Top 11 tasks for Small businesses.
As I talk to small businesses, there is a very common set of things they should all be doing, remarkably common.
So here they are:
- Doing what they currently do 10% better. Even if what they are doing is sub-optimal, doing it cheaper, faster, better, must be of benefit, and is usually very low hanging fruit indeed.
- Get your digital house in order. Websites, blogs, social media, all consume resources, but worse, most SME’s treat them as one-off activities, items to be ticked off a list and left till next year, or left to the pimply faced intern to do in their spare time. Wrong. You need a strategy, allocated resources, and the capability to do all this stuff, it is after all the window to the world, and is not an optional expense, it is an investment in commercial longevity.
- Sort out who your current high performance customers are, and build relationship s with them. They will not necessarily be the biggest, they may be the least cost, highest gross margin %, have most potential, be the ones who are prepared to engage with you on more than a transactional level, whatever it is, engage, as it is far easier to extract another dollar of revenue from an existing customer that find and extract from a new one.
- Understand the market segments you work in, and which deliver you the best returns, and work the segment harder. This may be similar to the best customer list, but it may not. It is really all about understanding the characteristics of the type of customer to whom you can add the best value with your product and service offerings.
- Actively seek and work for referrals. The cheapest form of marketing is to have an existing customer refer someone to you, so be creative about seeking referrals, and reward the referrers. Oh, and ask for them, most do not ask, but if your customers are happy with you, 9 times in 10, they are happy to give you referrals, they just do not think of it on their own, and you have to make it worth their time.
- Create and leverage alliances. If you are running a shoe shop, it makes sense to be working with the dress shop around the corner to cross-refer, co-promote, and collaborate to build a customer base loyal to you both. Halves the marketing costs, and leverages the dollars you do spend.

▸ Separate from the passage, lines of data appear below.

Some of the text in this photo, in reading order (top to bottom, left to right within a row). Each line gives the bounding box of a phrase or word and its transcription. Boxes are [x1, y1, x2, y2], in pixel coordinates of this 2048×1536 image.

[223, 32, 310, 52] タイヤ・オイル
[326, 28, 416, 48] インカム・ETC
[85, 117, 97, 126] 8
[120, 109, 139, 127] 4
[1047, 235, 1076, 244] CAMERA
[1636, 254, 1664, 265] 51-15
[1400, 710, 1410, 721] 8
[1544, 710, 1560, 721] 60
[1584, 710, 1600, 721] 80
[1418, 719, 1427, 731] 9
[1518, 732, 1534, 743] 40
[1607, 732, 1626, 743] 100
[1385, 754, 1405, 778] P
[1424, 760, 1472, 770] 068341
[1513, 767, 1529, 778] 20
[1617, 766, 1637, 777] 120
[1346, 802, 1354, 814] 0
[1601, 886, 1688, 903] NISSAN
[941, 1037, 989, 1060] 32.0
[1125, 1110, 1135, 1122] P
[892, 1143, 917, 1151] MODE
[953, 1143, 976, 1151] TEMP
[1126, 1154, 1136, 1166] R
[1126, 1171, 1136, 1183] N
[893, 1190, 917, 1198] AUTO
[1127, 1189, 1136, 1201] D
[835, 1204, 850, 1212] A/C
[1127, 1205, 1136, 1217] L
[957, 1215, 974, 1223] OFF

- Create and leverage data bases. Capture every transaction, and do something with it, follow up, see if the buyer is happy with the purchase, send a “thank you for your business” card, ensure the product met expectations, provide an offer for the upcoming birthday, etc, etc, etc. It is now so cheap to build and leverage databases that it is insane for small businesses not to be doing it.
- Keep your eyes open for opportunities. Most small business operators are so engrossed in the day to day bun-fight that they do not take the time, or make the effort to look around, see what their competitors are doing, look at the trends in your market, and those adjacent to you, look at the evolving technologies that may impact, or be of use, see who is going well, and who is going broke, and understand why, etc, etc. Opportunities usually come from unexpected places, and you have to be ready for them when they do.
- Measure, measure, measure. Understand your costs, not just of your products, and the stuff clearly articulated by an invoice, but the often subtle or hidden ones, customer acquisition costs, wasted time in the office, using untrained staff, breakdowns in the factory, etc, etc. Some measures will be more enlightening that others, and you need to be cognizant of the costs of collecting and analyzing the data to give you the measures, but rather than not measuring, do it for a while and determine if there is a value to the continued measurement and leverage the data gives you, then continue, or leave it if the return is not worth the effort, or the opportunity cost is too high.
- Work on why you do stuff, rather than just what you do, and how you do it. I considered making this number one on the list, but it is a bit esoteric, so it is here, with a link to Simon Sinek’s presentation that in my view should be compulsory viewing for small business people. Watch it, think about it, and act on it.
- Do something different, now. Pick from the list, and do something about it. I could go on about planning, assembling resources and capabilities, and all the other consultant stuff, but for small businesses people, the primary task is to act, watch how it works, and be prepared to change direction quickly if necessary, and move ahead again.
Oh, and a last one, so important that it is on its own, WATCH THE CASH!